▶ **Extracted records**
==============================
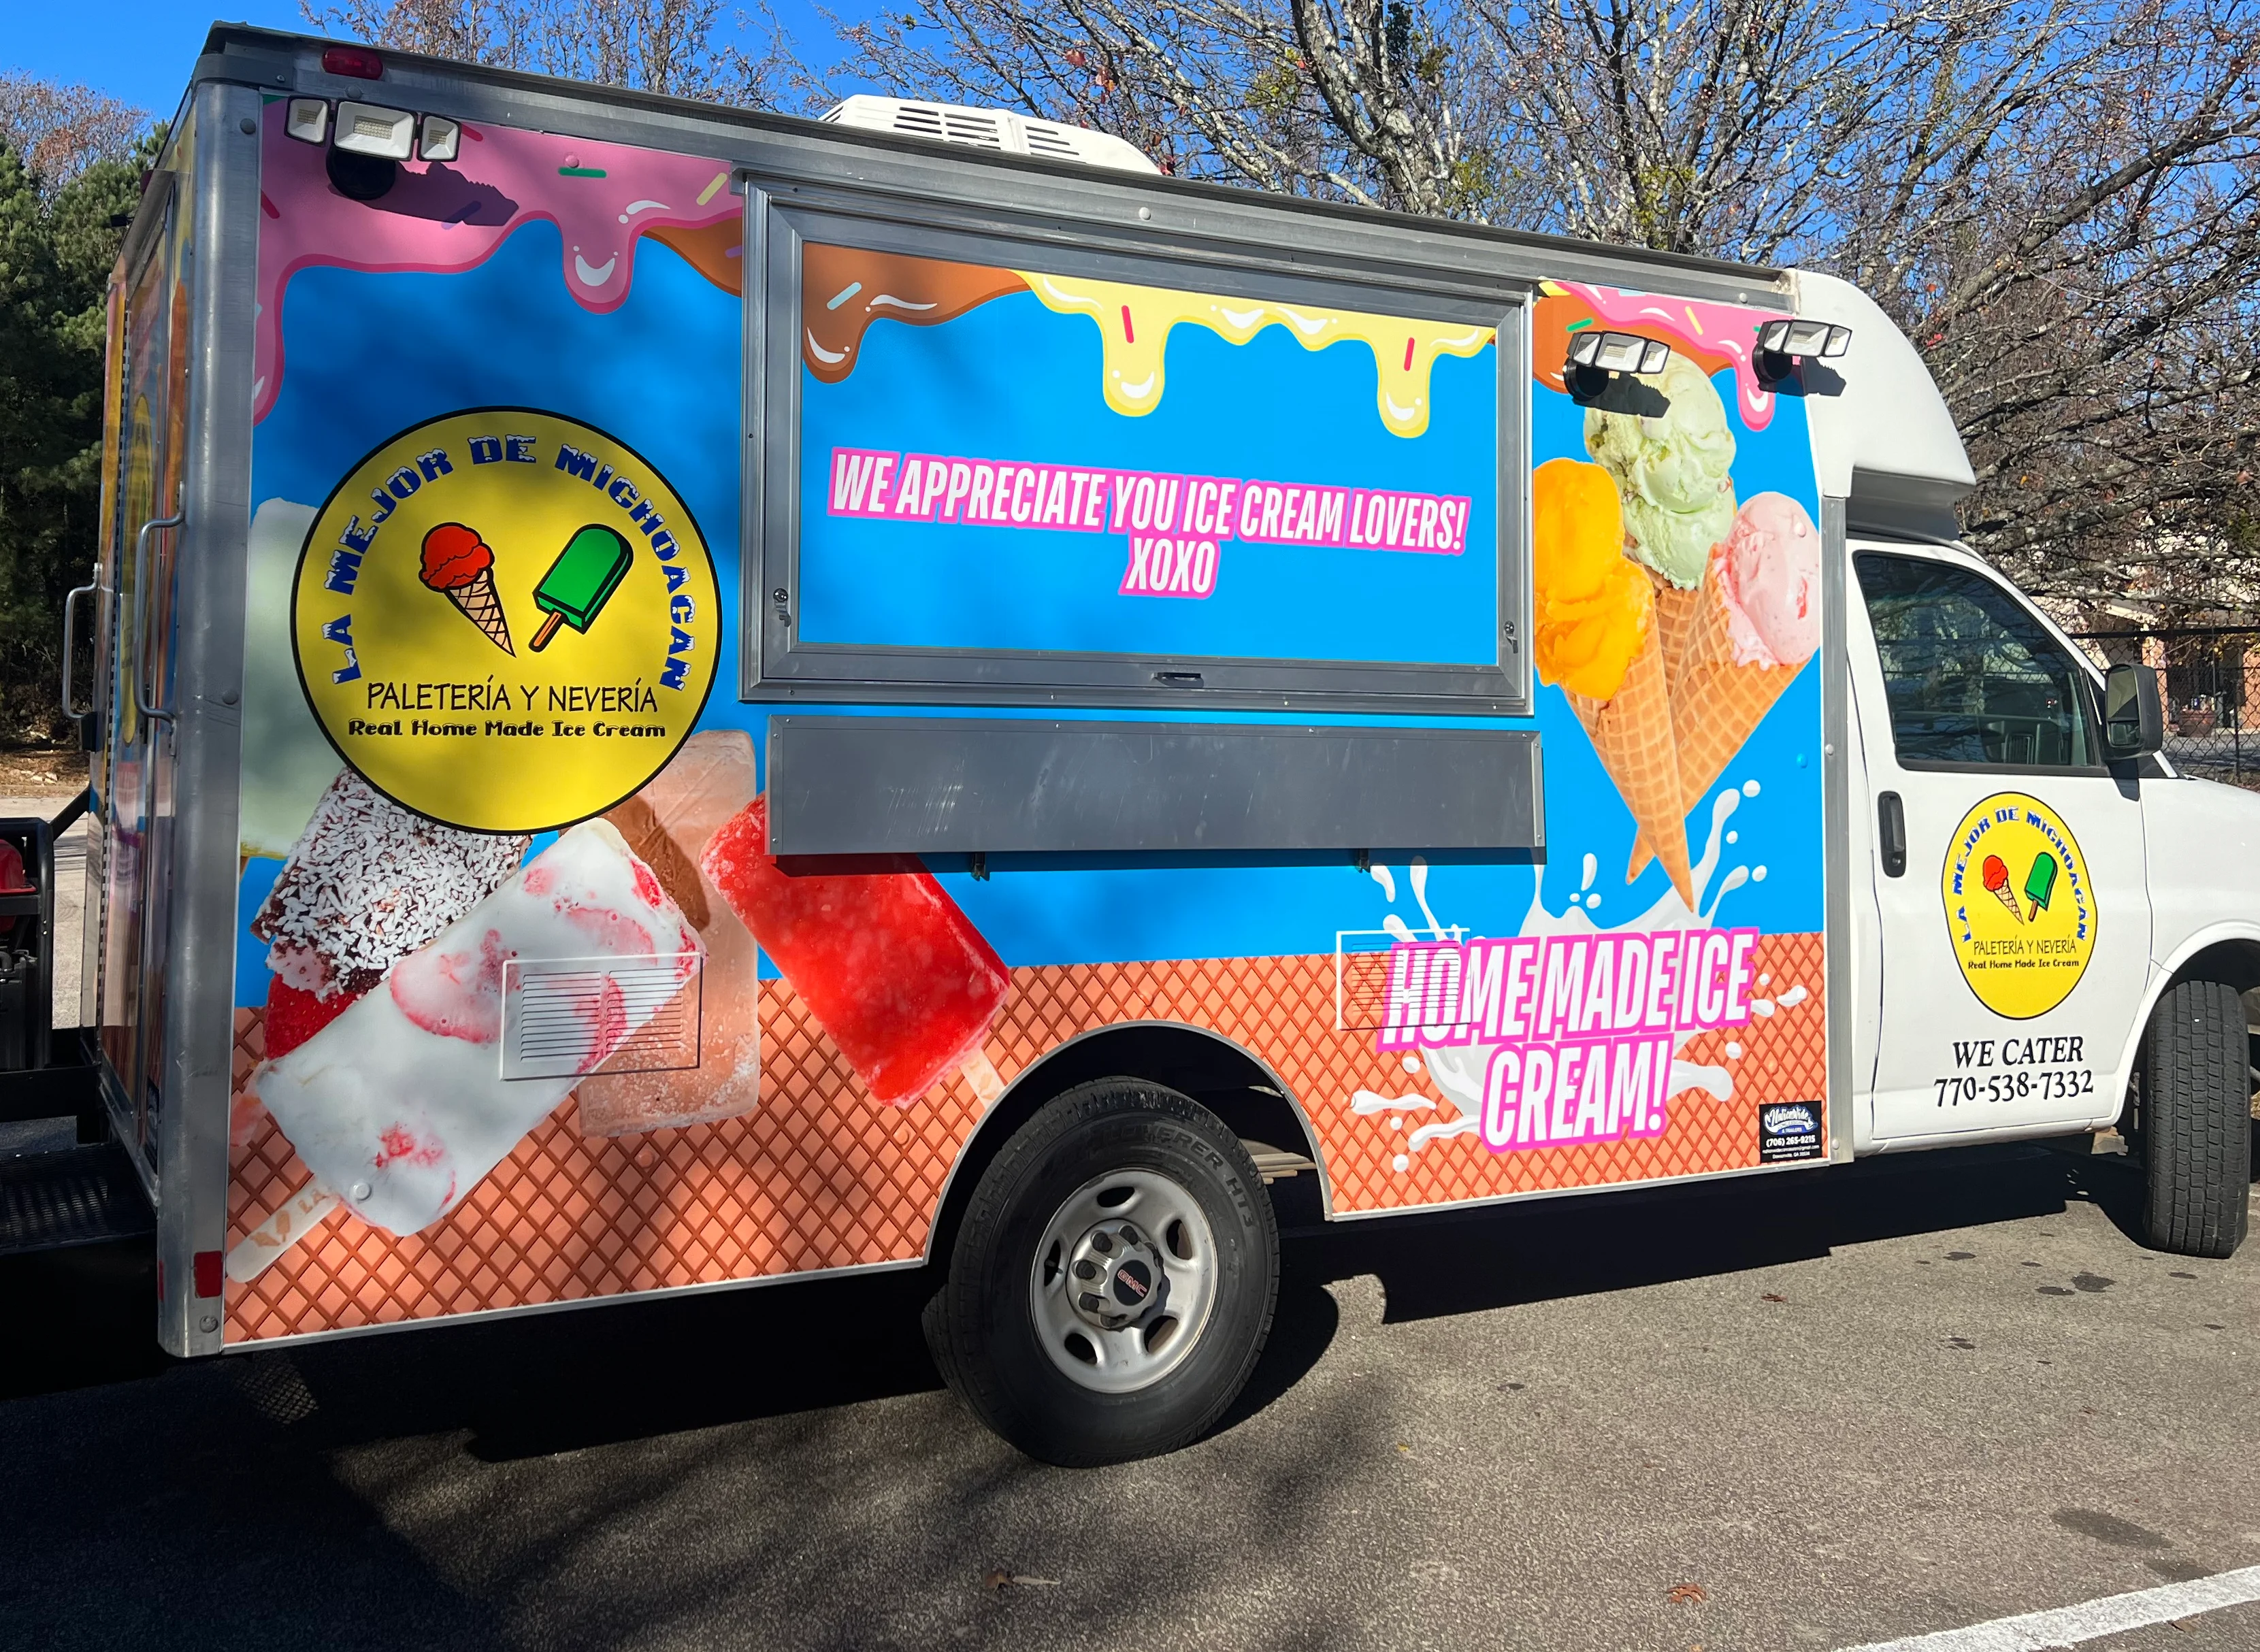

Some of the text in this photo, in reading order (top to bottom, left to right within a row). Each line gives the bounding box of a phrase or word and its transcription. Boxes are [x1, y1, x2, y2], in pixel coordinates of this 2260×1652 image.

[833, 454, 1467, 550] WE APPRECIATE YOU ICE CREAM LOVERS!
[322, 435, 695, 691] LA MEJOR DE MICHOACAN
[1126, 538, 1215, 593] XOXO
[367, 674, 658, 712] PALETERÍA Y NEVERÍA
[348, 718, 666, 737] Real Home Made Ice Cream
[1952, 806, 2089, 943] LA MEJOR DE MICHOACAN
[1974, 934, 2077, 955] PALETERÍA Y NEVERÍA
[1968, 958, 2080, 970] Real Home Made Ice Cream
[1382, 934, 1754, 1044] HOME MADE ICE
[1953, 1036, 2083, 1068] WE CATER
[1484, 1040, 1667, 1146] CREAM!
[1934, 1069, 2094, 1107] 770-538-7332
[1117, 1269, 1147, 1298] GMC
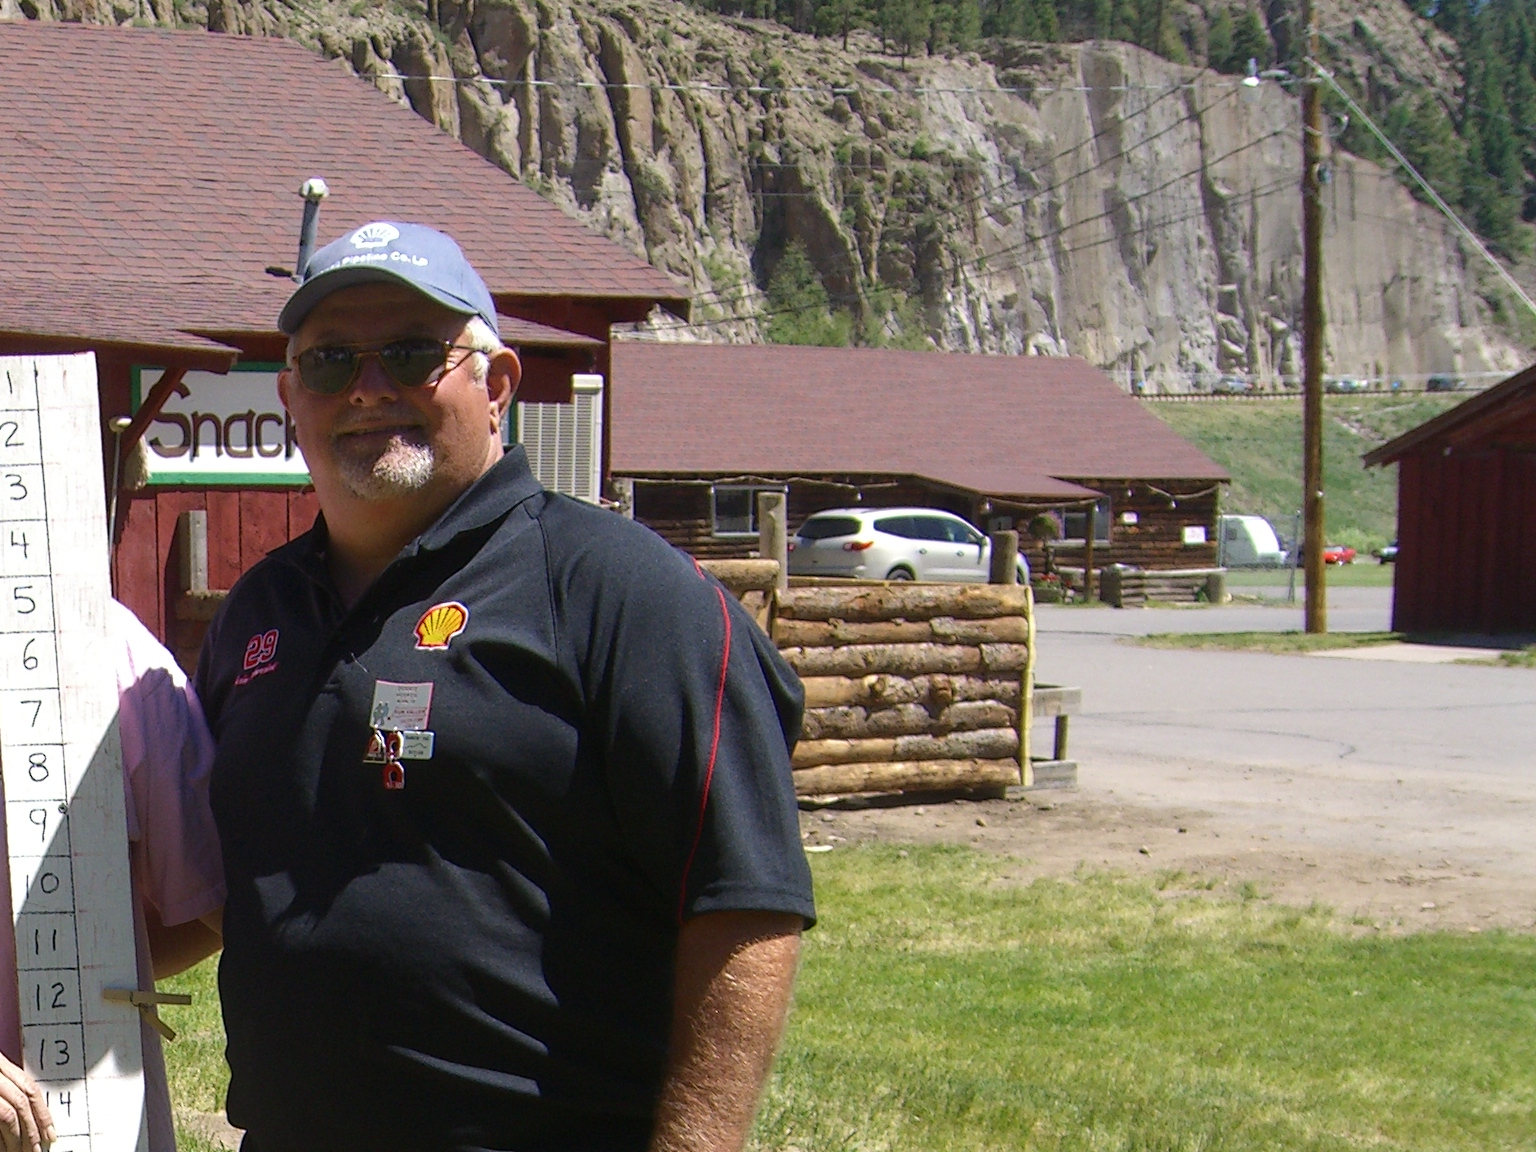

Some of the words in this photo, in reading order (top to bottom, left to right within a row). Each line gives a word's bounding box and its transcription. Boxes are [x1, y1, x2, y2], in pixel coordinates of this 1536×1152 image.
==============================
▶ **Task**
Word for word, reproduce all the data, but not the pictures.

▶ **Your solution**
Some of the text in this photo, in reading order (top to bottom, left to right within a row). Each line gives the bounding box of a phrase or word and its transcription. Boxes are [x1, y1, x2, y2], in pixel coordinates of this 2260×1652 image.

[833, 454, 1467, 550] WE APPRECIATE YOU ICE CREAM LOVERS!
[322, 435, 695, 691] LA MEJOR DE MICHOACAN
[1126, 538, 1215, 593] XOXO
[367, 674, 658, 712] PALETERÍA Y NEVERÍA
[348, 718, 666, 737] Real Home Made Ice Cream
[1952, 806, 2089, 943] LA MEJOR DE MICHOACAN
[1974, 934, 2077, 955] PALETERÍA Y NEVERÍA
[1968, 958, 2080, 970] Real Home Made Ice Cream
[1382, 934, 1754, 1044] HOME MADE ICE
[1953, 1036, 2083, 1068] WE CATER
[1484, 1040, 1667, 1146] CREAM!
[1934, 1069, 2094, 1107] 770-538-7332
[1117, 1269, 1147, 1298] GMC

Some of the words in this photo, in reading order (top to bottom, left to right within a row). Each line gives a word's bounding box and its transcription. Boxes are [x1, y1, x2, y2], in pixel coordinates of this 1536×1152 image.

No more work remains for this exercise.